Title: Death at the Seaside
Author: Frances Brody
Publisher: Little, Brown Book Group
Nothing ever happens in August, and tenacious sleuth Kate Shackleton deserves a break. Heading off for a long-overdue holiday to Whitby, she visits her school friend Alma who works as a fortune teller there.
Kate had been looking forward to a relaxing seaside sojourn, but upon arrival discovers that Alma’s daughter Felicity has disappeared, leaving her mother a note and the pawn ticket for their only asset: a watch-guard. What makes this more intriguing is the jeweller who advanced Felicity the thirty shillings is Jack Phillips, Alma’s current gentleman friend.
Kate can’t help but become involved, and goes to the jeweller’s shop to get some answers. When she makes a horrifying discovery in the back room, it soon becomes clear that her services are needed. Met by a wall of silence by town officials, keen to maintain Whitby’s idyllic façade, it’s up to Kate – ably assisted by Jim Sykes and Mrs Sugden – to discover the truth behind Felicity’s disappearance.

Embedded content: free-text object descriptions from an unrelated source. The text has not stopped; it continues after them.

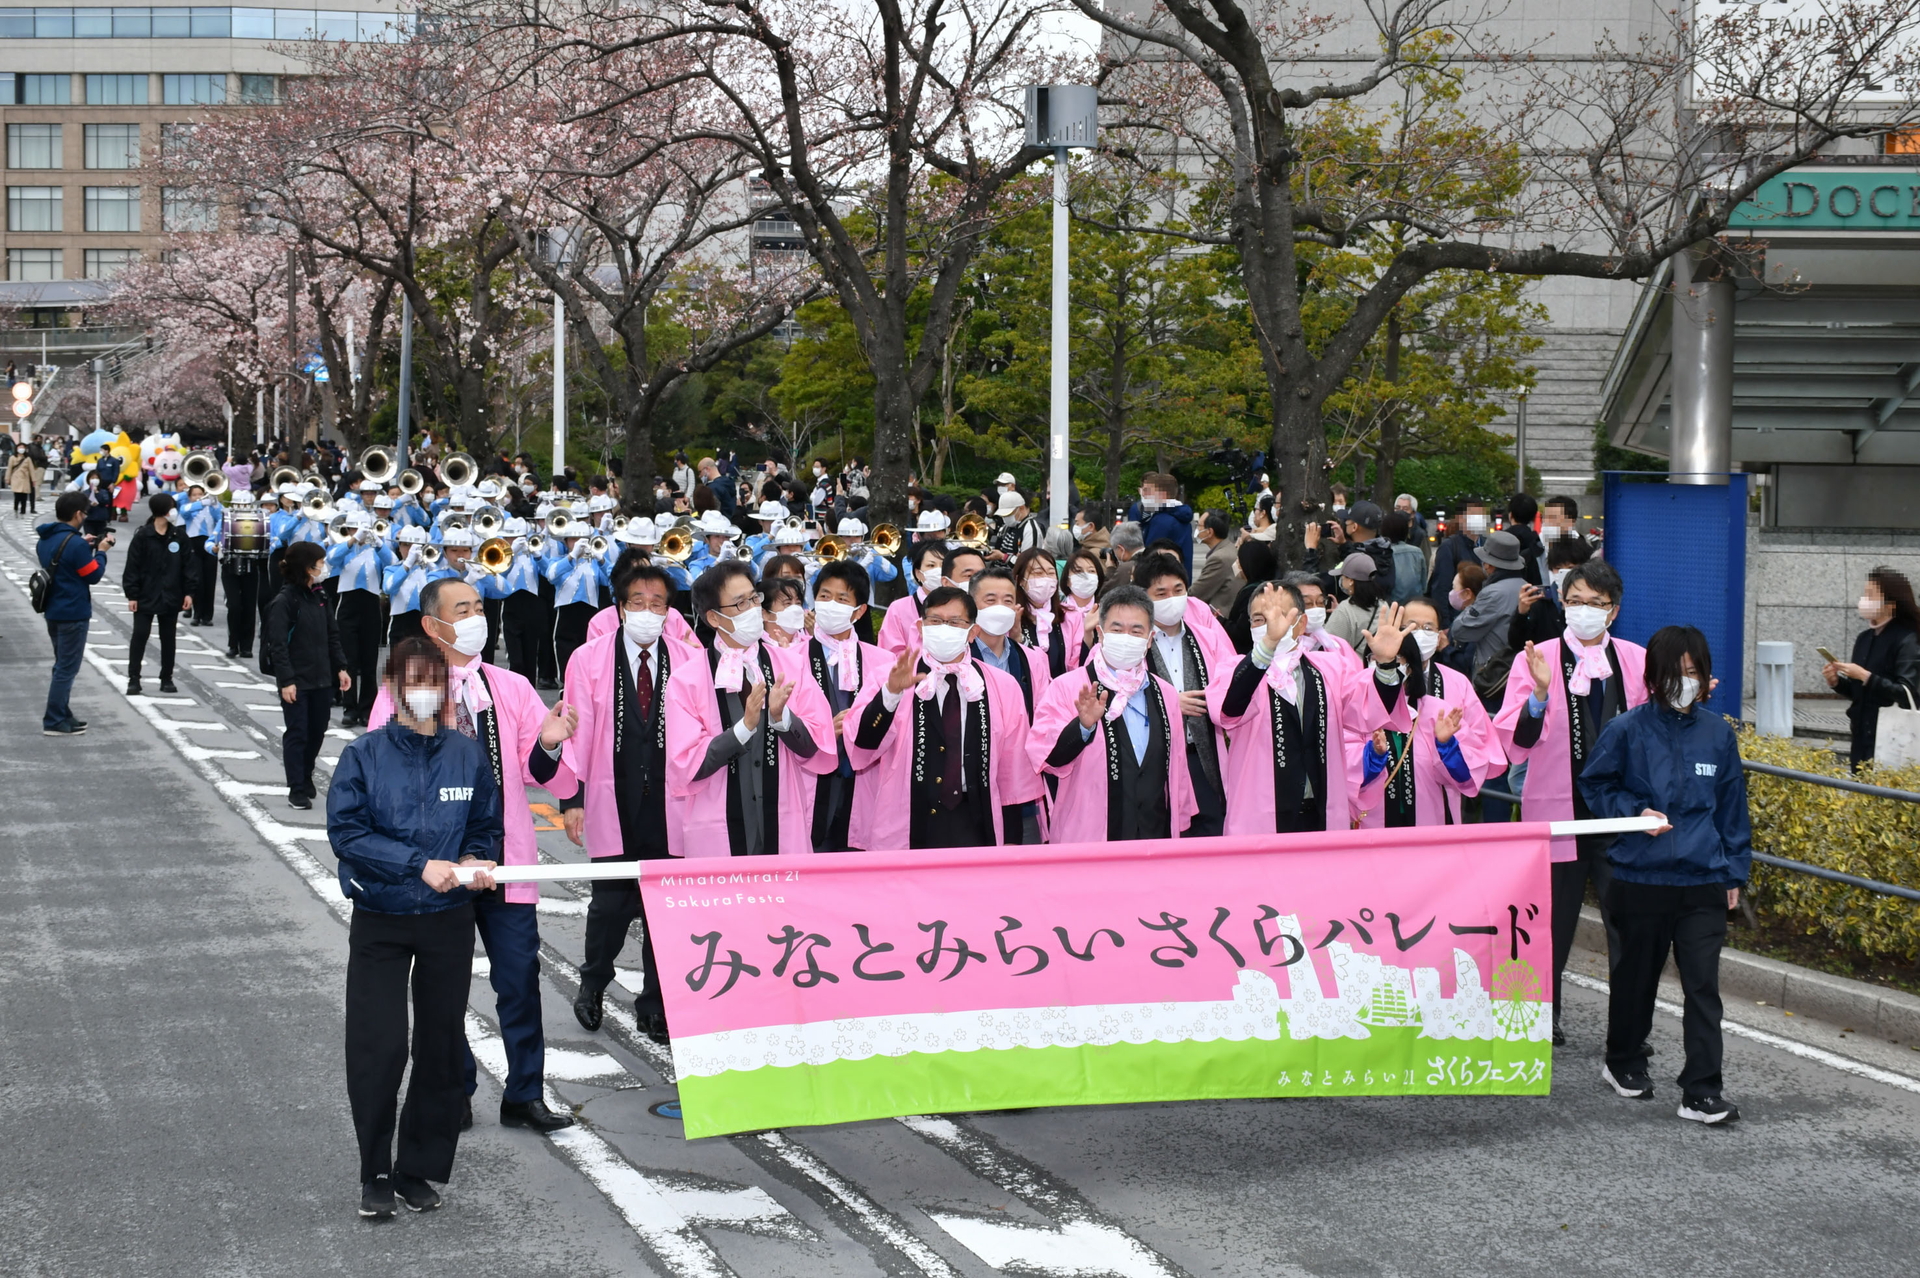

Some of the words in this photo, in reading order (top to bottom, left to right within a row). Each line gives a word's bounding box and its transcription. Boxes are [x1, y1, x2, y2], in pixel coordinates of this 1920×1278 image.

[1895, 79, 1920, 91] B2
[439, 787, 475, 802] STAFF
[660, 871, 779, 887] MinatoMirai
[785, 870, 799, 881] 21
[665, 893, 785, 908] SakuraFesta
[685, 903, 1539, 1000] みなとみらいさくらパレード
[1426, 1056, 1546, 1086] さくらフェスタ

And they say nothing happens in August…
Death at the Seaside is a fun, witty novel that ticks the mystery / crime box without being too shocking or gruesome – and which makes quite a change from some of the novels in this genre I’ve read recently! I haven’t read any of the novels in this series (Kate Shackleton) so I didn’t really know exactly what to expect, but love these kind of mystery stories that are set in a bygone era – and the 1920’s is a great choice so I was really excited to start reading!

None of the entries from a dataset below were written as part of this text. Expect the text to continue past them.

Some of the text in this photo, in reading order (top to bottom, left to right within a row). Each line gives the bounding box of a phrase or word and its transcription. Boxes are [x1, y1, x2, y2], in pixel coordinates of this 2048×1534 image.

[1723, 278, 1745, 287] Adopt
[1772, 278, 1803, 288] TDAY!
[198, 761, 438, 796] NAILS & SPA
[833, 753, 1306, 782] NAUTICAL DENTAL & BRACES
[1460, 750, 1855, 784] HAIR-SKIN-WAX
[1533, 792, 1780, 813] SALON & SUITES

The characters in Death at the Seaside are all really well crafted; I particularly liked Kate who was such a strong and interesting character. She took all the mayhem in her stride – no fainting at a dead body here! I found the fact it was set in the 20’s really interesting partly to see how Kate would react and be treated by others, due to the restrictions on her, and the expectations of others.
The story is fun and enjoyable to read. As I mentioned before, it’s quite different to many of the Detective/ crime novels around today in its approach to the crime (obvious lack of DNA testing and other investigative methods at that time!), and although I do love those other kind of novels, I also hugely enjoyed this one! It kind of feels like a warm blanket – comforting and easy to read, with likeable characters and an interesting plot – give it a go! I’d definitely read others in the series too!
Many thanks to Little, Brown Book Group for providing a copy of this novel in return for an honest review and for including me on the blog tour!
About Frances Brody:
Frances Brody is the author of the Kate Shackleton mysteries, as well as many stories and plays for BBC Radio, scripts for television and four sagas, one of which won the HarperCollins Elizabeth Elgin Award. Her stage plays have been toured by several theatre companies and produced at Manchester Library Theatre, the Gate and Nottingham Playhouse, and Jehad was nominated for a Time Out Award.